Sa fonction première est de concurrencer, voire de remplacer dans les cafés, les juke-boxes pour offrir au consommateur l’image en plus du son. Il faut rappeler qu’en 1960, seuls 13% des ménages français possèdent un téléviseur, contre 52% en 1966. Ces appareils permettent de visionner, à la demande, les artistes du moment, d’entendre
leurs chansons alors que ceux-ci ne sont pas programmés sur l’unique chaîne de télévision qui demeure désespérément bicolore. Le prix du visionnage est d’1 franc (0,65 euro) pour trois minutes. En terme de pouvoir d’achat, ce franc de 1960 correspond à 5 titres joués par un juke-box traditionnel. Pour approvisionner ses appareils, la CAMECA tourne près de 680 films réalisés en partie par Alexandre Tarta ou Claude Lelouch.
Des maisons de production se lancent aussi dans la course au scopitone, comme la société Davis-Boyer qui filme l’ensemble de la scène musicale française et s’intéresse aux chanteurs maghrébins. Cependant en 1974, l’aventure Cameca s’interrompt brutalement. Le coup de grâce est porté par la concurrence télévisuelle. Le scopitone
va pourtant connaître une seconde vie avec son retraitement, son recyclage partiel dans les bars de l’émigration maghrébine. Une idée de génie revient à Roger Dauchi : il crée une nouvelle machine qu’il implante dans les bars arabes et kabyles. Ce producteur lance une campagne filmique d’envergure consacrée aux artistes maghrébins.

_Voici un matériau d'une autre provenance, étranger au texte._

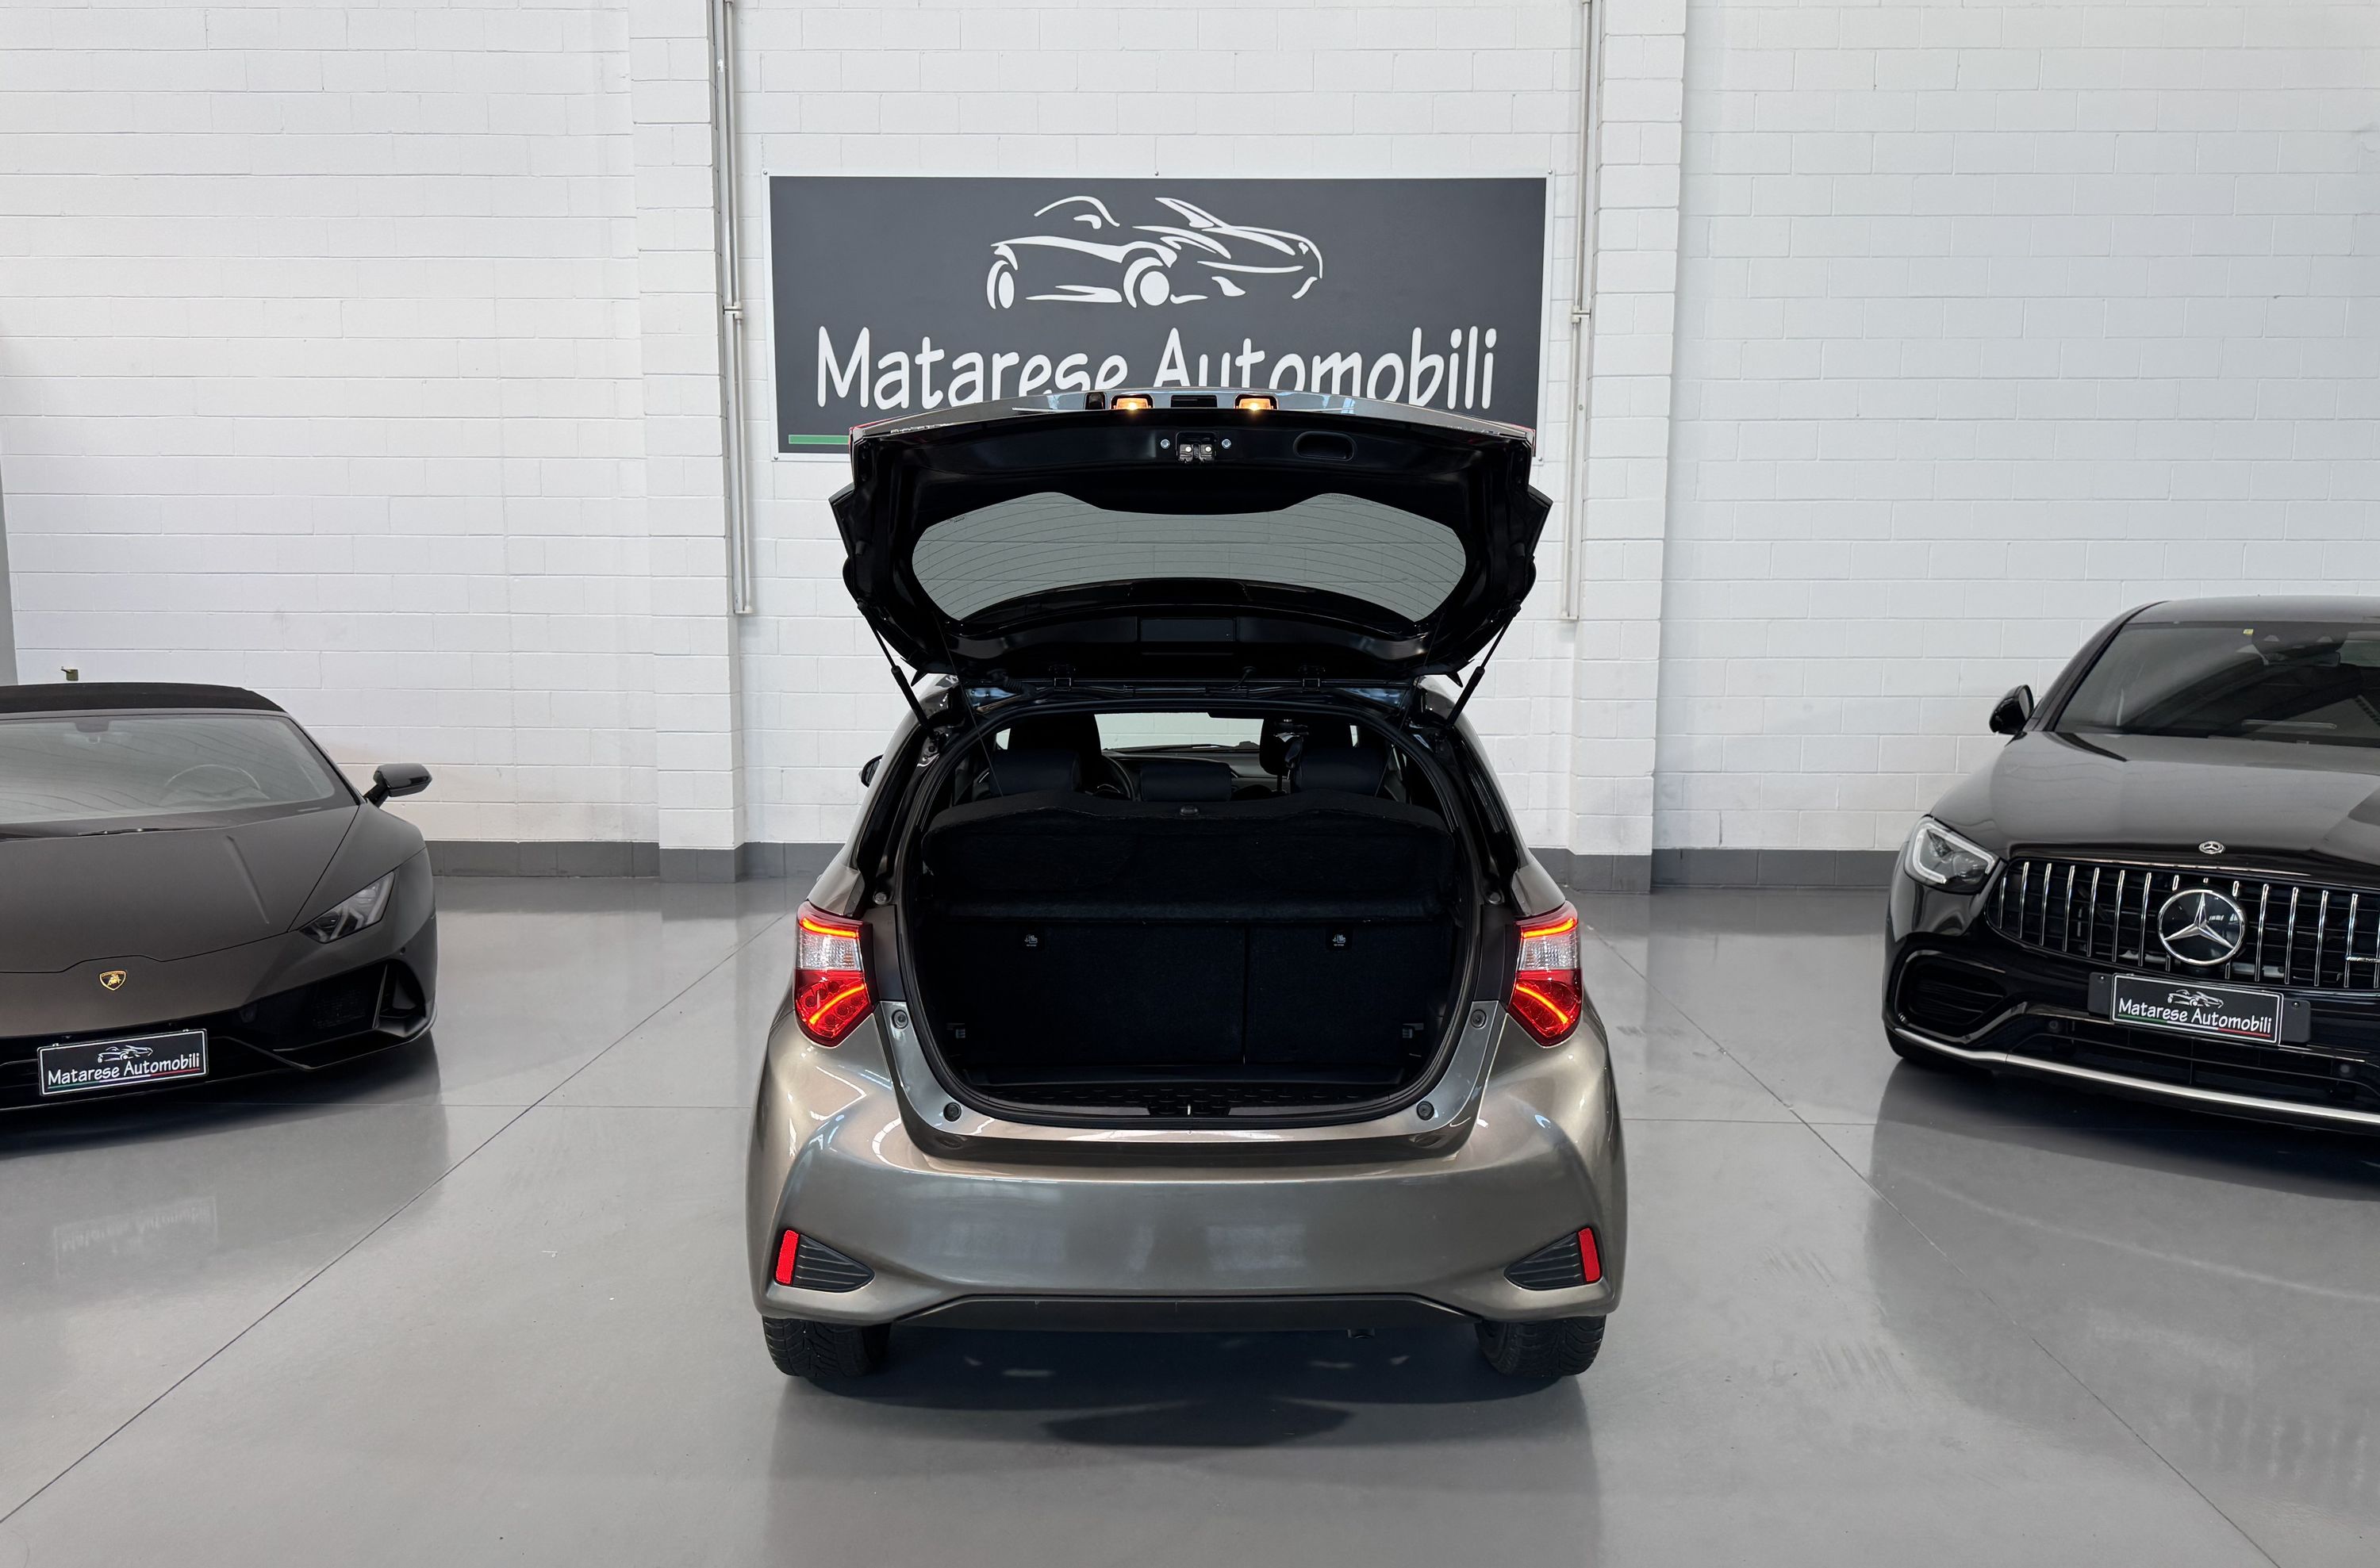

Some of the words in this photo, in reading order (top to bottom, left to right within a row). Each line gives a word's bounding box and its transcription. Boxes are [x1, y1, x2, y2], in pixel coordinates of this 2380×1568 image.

Le créneau pris initialement par la société Davis-Boyer s’avère rentable puisque les tournages vont continuer jusqu’en 1980. L’essentiel des nouveaux films tournés s’adresse en priorité aux émigrés maghrébins en dépit d’une dizaine de scopitones italiens et portugais. Leur situation sociale, leur accès plus que limité au confort moderne (poste de télévision) ou à la culture (cinéma), explique le succès rencontré par les scopitones dans ces bars, endroits de sociabilité privilégiée.
Jean-Charles Scagnetti, in “Les scopitones : espace de confrontation des représentations de l’émigration algérienne - Images et représentations”, Publications de la faculté des Lettres, Arts et Sciences Humaines de L’Université de Nice.